Caixa Geral de Depósitos é o banco condenado à coima mais elevada, no valor de 82 milhões de euros.

A Caixa Geral de Depósitos (CGD) informou esta terça-feira, através de um comunicado divulgado no site da CMVM, que vai impugnar a coima da Autoridade da Concorrência (AdC) no processo de concertação de informação sensível depois de ter sido o banco com a coima mais elevada, de 82 milhões de euros.

"A CGD decidiu impugnar judicialmente essa decisão junto do Tribunal da Concorrência, Regulação e Supervisão. Assim decidiu convicta de que os tribunais competentes confirmarão a total improcedência e absoluta falta de fundamentação da imputação de irregularidades que lhe é feita", pode ler-se no comunicado.

A segunda multa mais elevada foi aplicada ao BCP, de 60 milhões de euros, segundo informação divulgada na segunda-feira à noite pelo próprio banco, em que anunciou que vai impugnar judicialmente a decisão da Autoridade da Concorrência e considerou que as acusações não estão "adequadamente sustentadas e fundamentadas". O Santander Totta foi condenado a 35 milhões de euros e vai assumir a multa de 600 mil euros ao Banco Popular (que comprou).

Já o BPI foi condenado em 30 milhões de euros e o Montepio, inicialmente condenado a 26 milhões de euros, viu a multa reduzida para 13 milhões de euros devido a ter aderido ao programa de clemência. O Barclays fica isento de multa por ter sido o banco que informou da concertação.

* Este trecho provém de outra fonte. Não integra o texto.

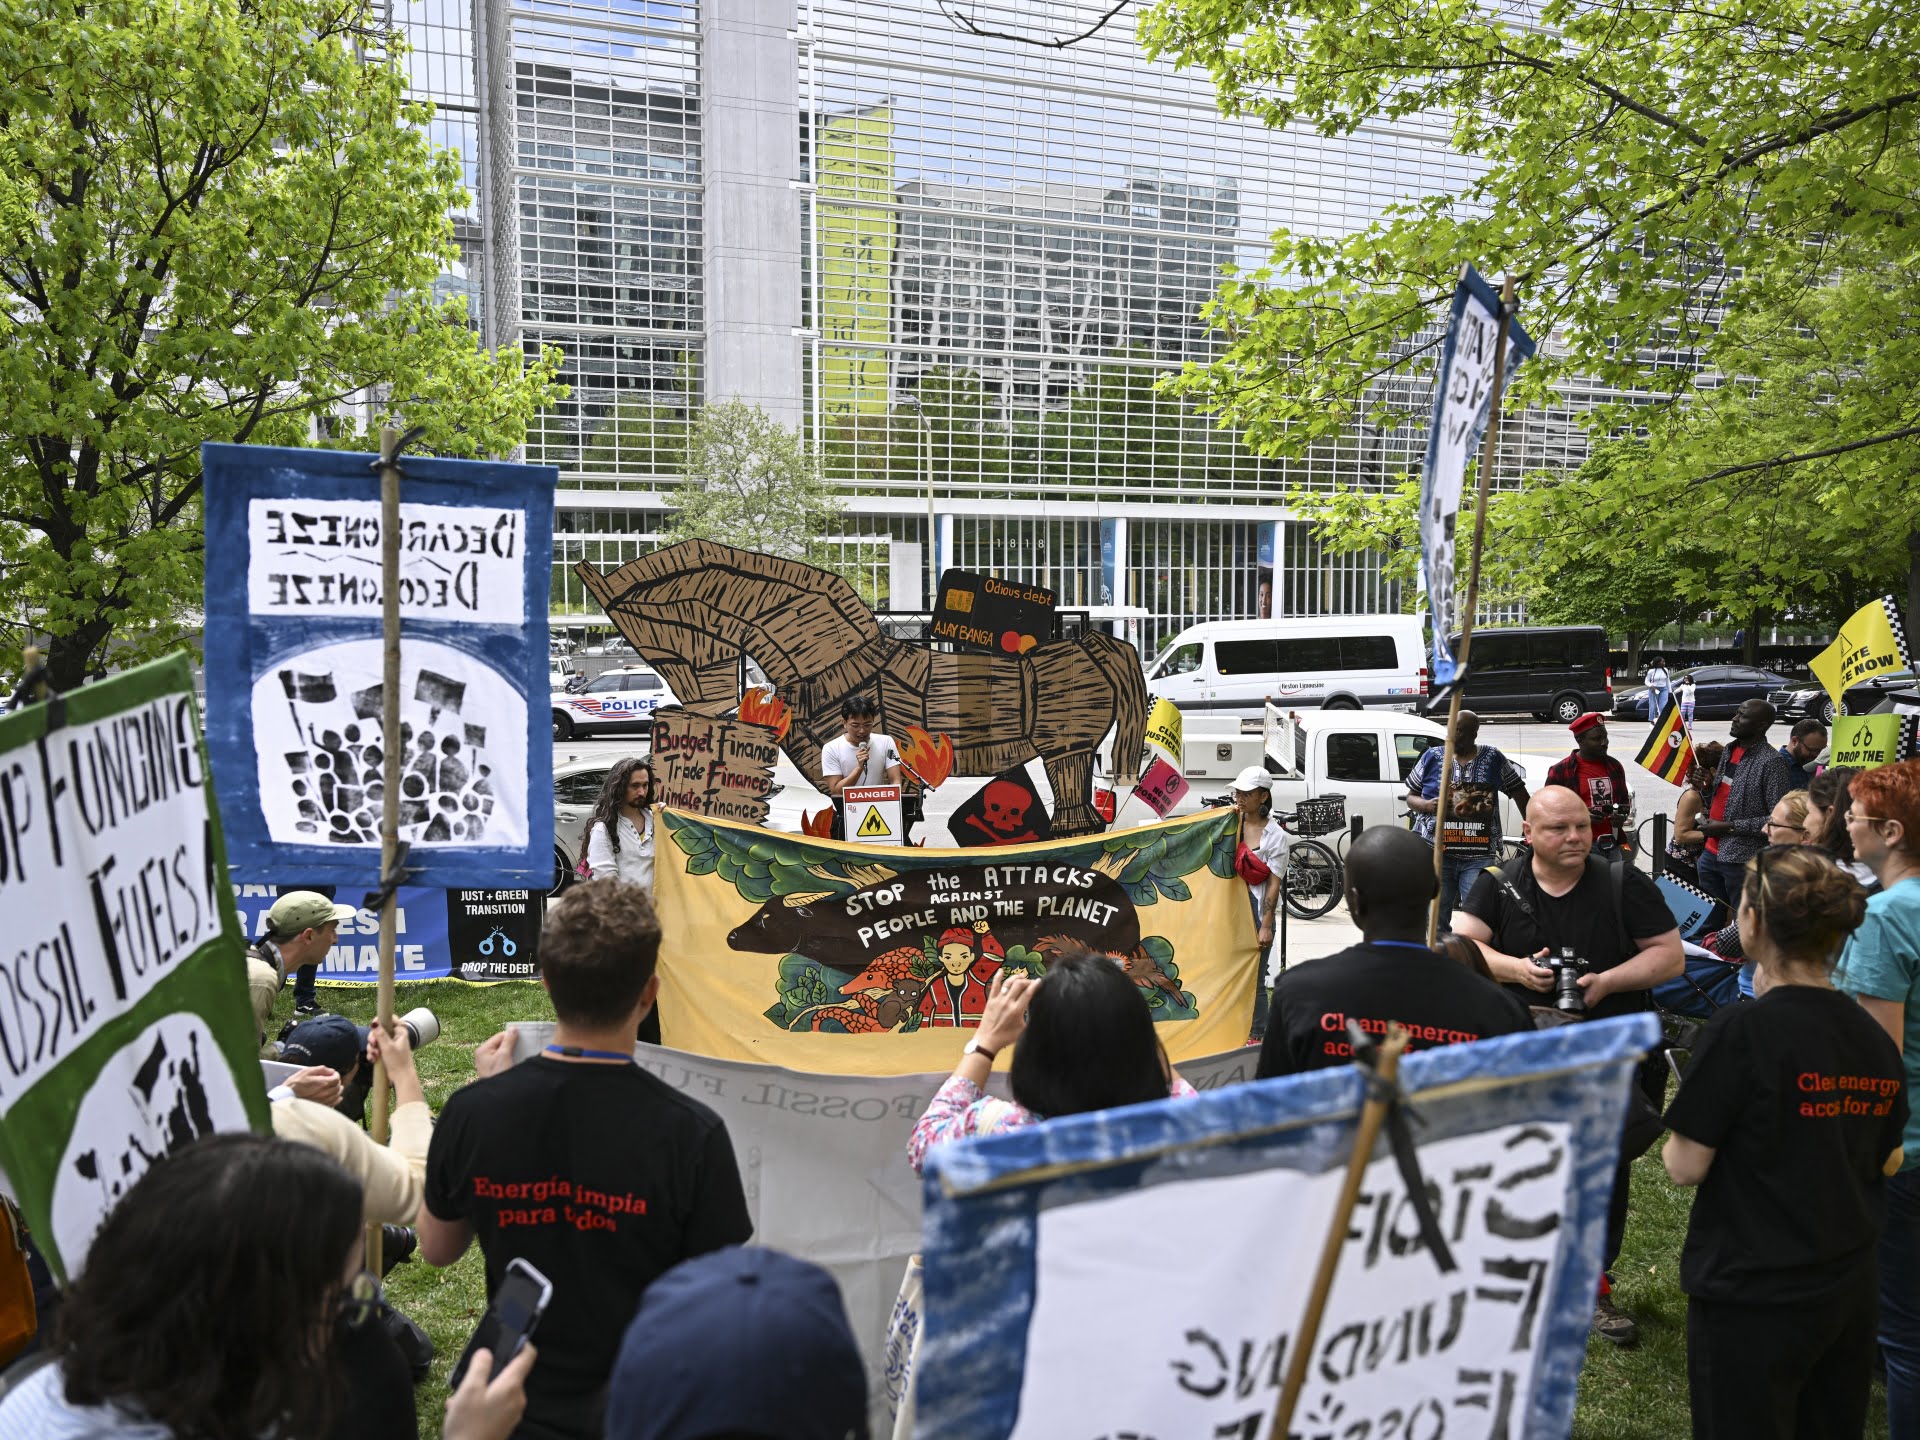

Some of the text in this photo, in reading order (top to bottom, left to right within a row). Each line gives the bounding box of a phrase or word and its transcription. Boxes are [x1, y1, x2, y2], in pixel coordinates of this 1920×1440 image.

[996, 538, 1045, 549] 1818
[985, 579, 1052, 606] Odious debt
[934, 620, 994, 647] AJAY BANGA
[1854, 653, 1895, 677] NOW
[602, 699, 658, 711] POLICE
[653, 721, 778, 763] Budget Finance
[1836, 751, 1885, 763] DROP THE
[36, 692, 205, 868] FUNDING
[664, 753, 769, 793] Trade Finance
[702, 788, 759, 818] Finance
[849, 790, 895, 799] DANGER
[1464, 822, 1485, 831] BANK:
[461, 891, 484, 901] JUST
[495, 890, 529, 900] GREEN
[846, 866, 1097, 916] STOP the ATTACKS
[930, 890, 1004, 905] AGAINST
[465, 904, 525, 915] TRANSITION
[857, 896, 1119, 949] PEOPLE AND THE PLANET
[461, 962, 535, 973] DROP THE DEBT
[0, 921, 95, 1077] OSSIL
[1838, 1075, 1900, 1096] energy
[1842, 1096, 1871, 1115] for
[472, 1175, 571, 1201] Energía
[498, 1204, 617, 1232] para tdos
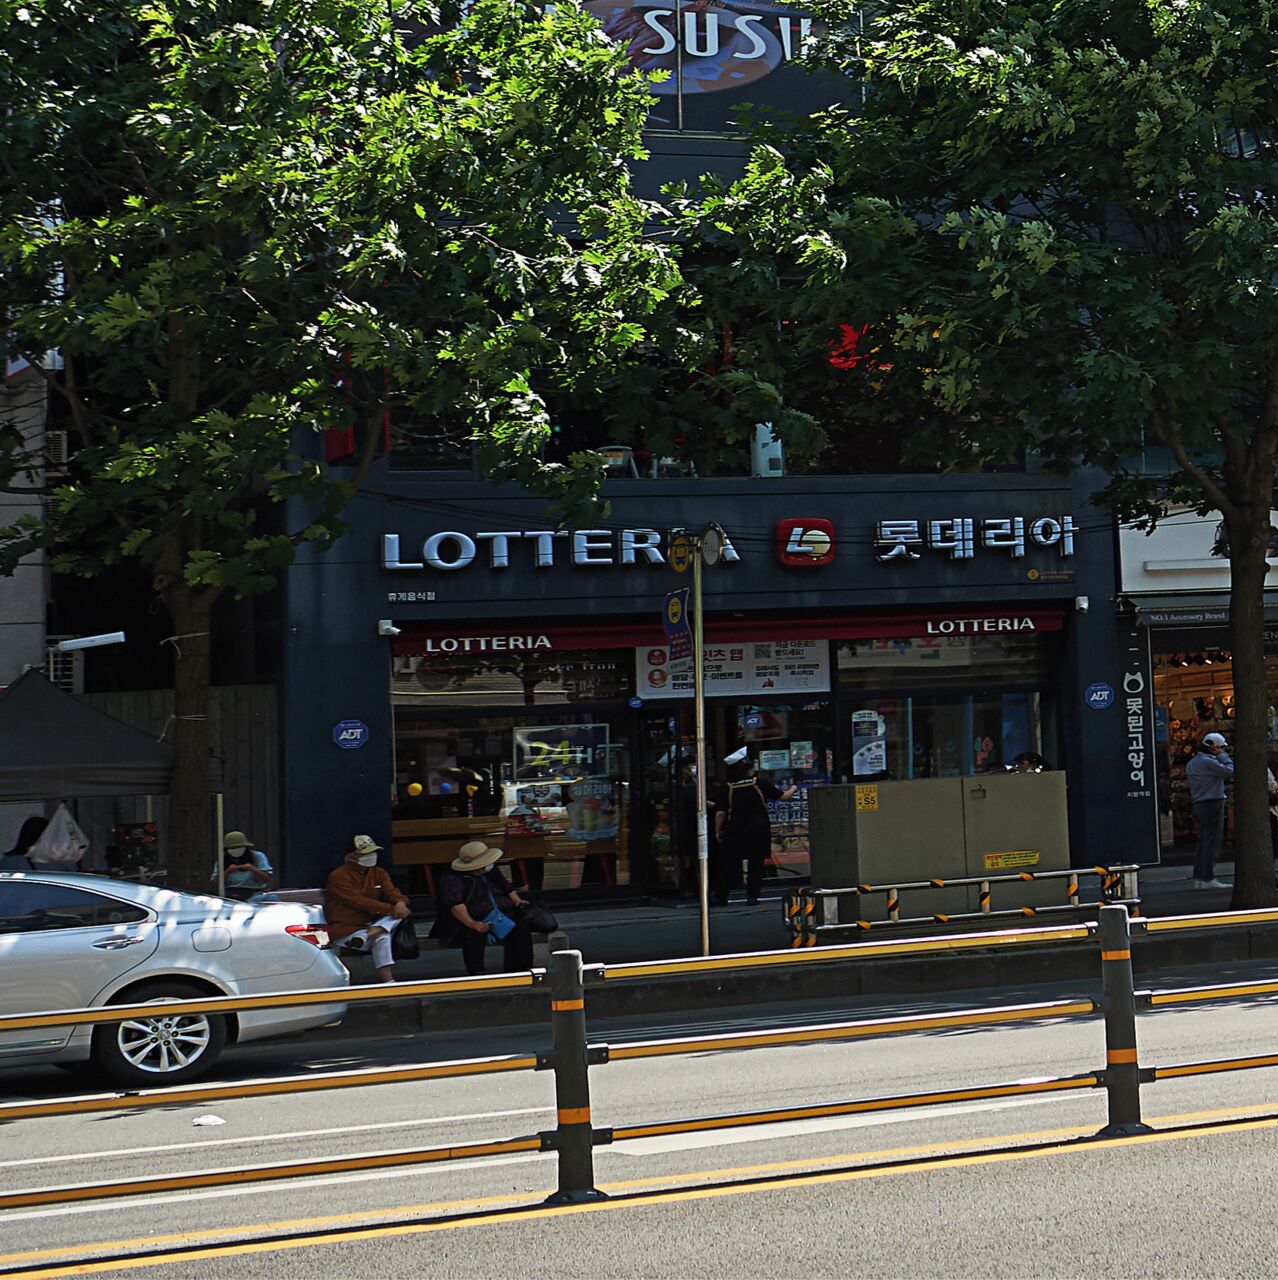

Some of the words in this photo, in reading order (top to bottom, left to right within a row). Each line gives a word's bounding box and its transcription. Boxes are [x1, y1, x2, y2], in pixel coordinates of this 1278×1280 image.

[380, 526, 740, 572] LOTTERA
[875, 517, 1078, 561] 롯데리아
[387, 591, 436, 602] 휴게음식점
[925, 616, 1036, 634] LOTTERIA
[425, 633, 553, 654] LOTTERIA
[1089, 689, 1111, 702] ADT
[338, 728, 363, 741] ADT
[1126, 696, 1146, 787] 못된고양이
[863, 795, 877, 806] S5
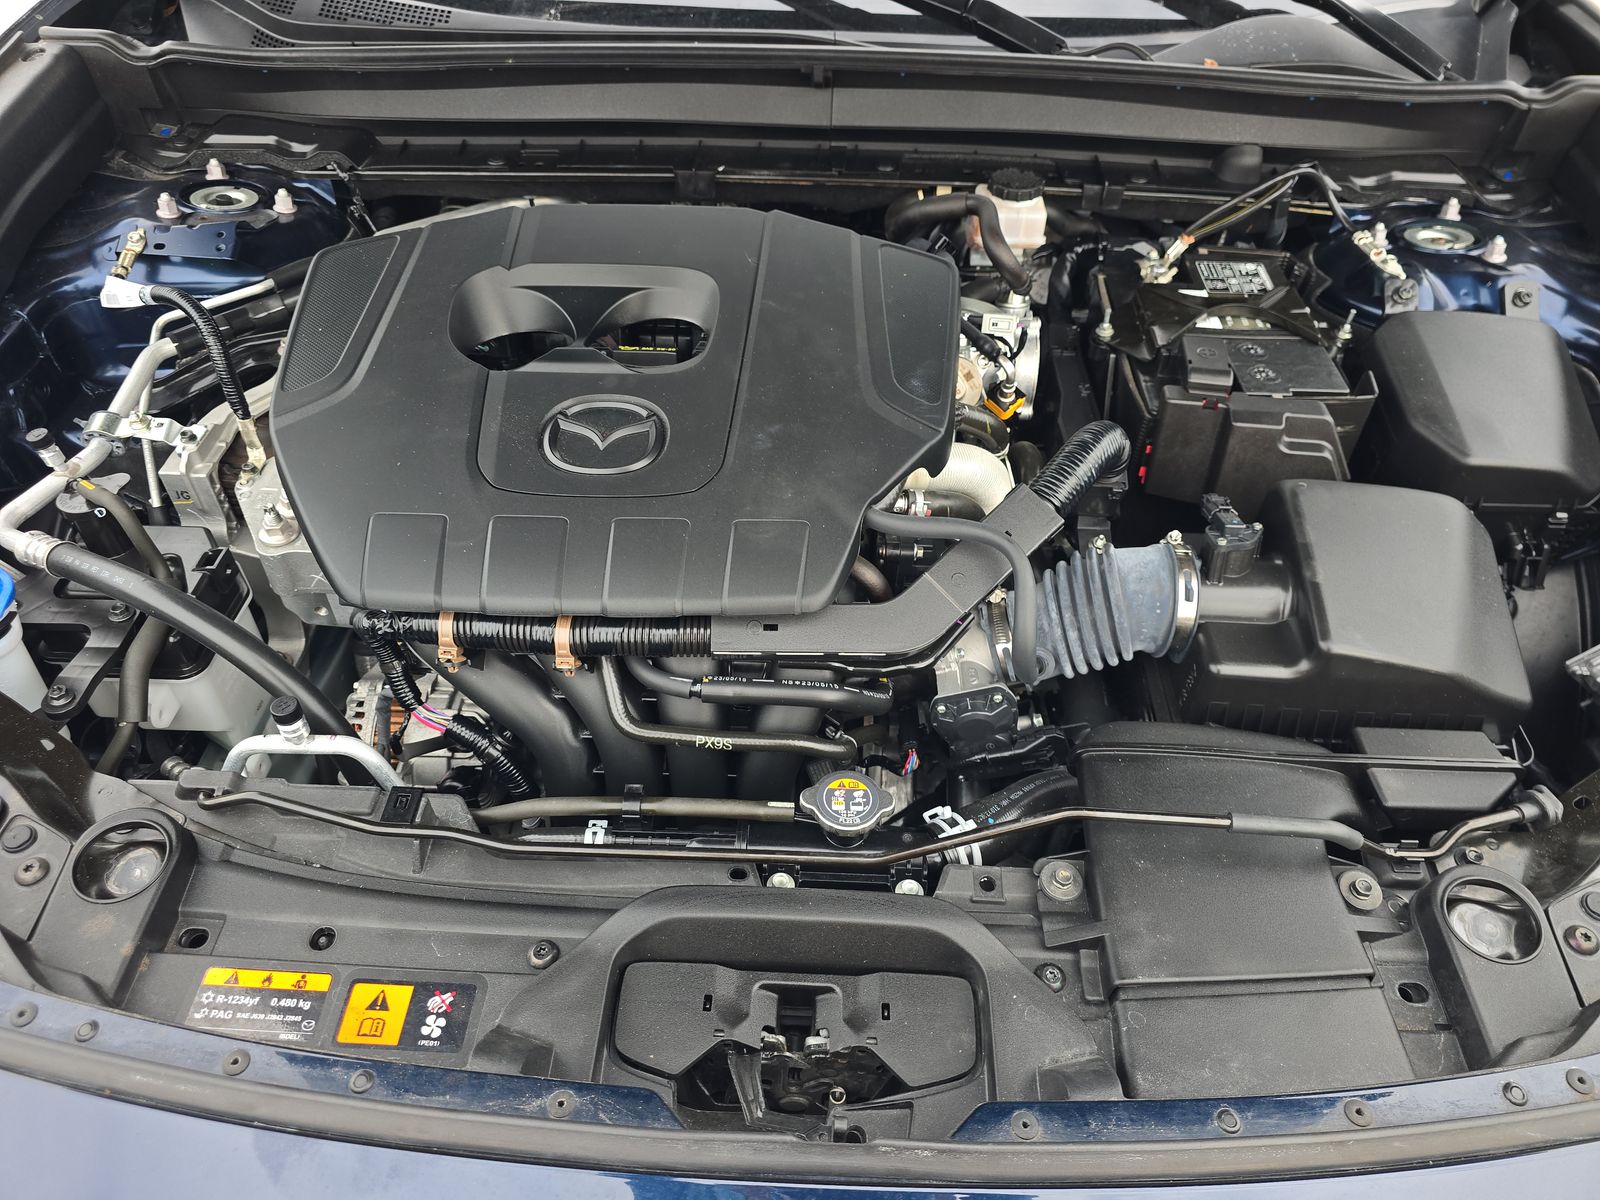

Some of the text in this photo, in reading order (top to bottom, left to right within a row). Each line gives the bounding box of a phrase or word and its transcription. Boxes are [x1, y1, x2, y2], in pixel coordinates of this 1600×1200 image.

[695, 735, 733, 751] PX9S
[215, 995, 312, 1010] R-1234yf 0.480 kg
[210, 1009, 233, 1019] PAG

O BES foi multado em 700 mil euros. A responsabilidade de pagar o valor cabe ao 'BES mau' (atualmente em liquidação) e não ao Novo Banco, uma vez que este assumiu responsabilidades do BES excluindo as "decorrentes de fraude ou da violação de disposições ou determinações regulatórias, penais ou contraordenacionais, com exceção das contingências fiscais ativas", segundo explicou na segunda-feira a AdC.
O Crédito Agrícola foi condenado em 350 mil euros.

Na segunda-feira foi conhecido que a Autoridade da Concorrência condenou 14 bancos ao pagamento de coimas no valor global de 225 milhões de euros por prática concertada de informação sensível no crédito ao longo de mais de dez anos, entre 2002 e 2013.

Os bancos condenados são "o BBVA, o BIC (por factos praticados pelo então BPN), o BPI, o BCP, o BES, o Banif, o Barclays, a CGD, a Caixa de Crédito Agrícola, o Montepio, o Santander (por factos por si praticados e por factos praticados pelo Banco Popular), o Deutsche Bank e a UCI [instituição especializada em crédito à habitação, aravés de imobiliárias]", disse em comunicado a AdC.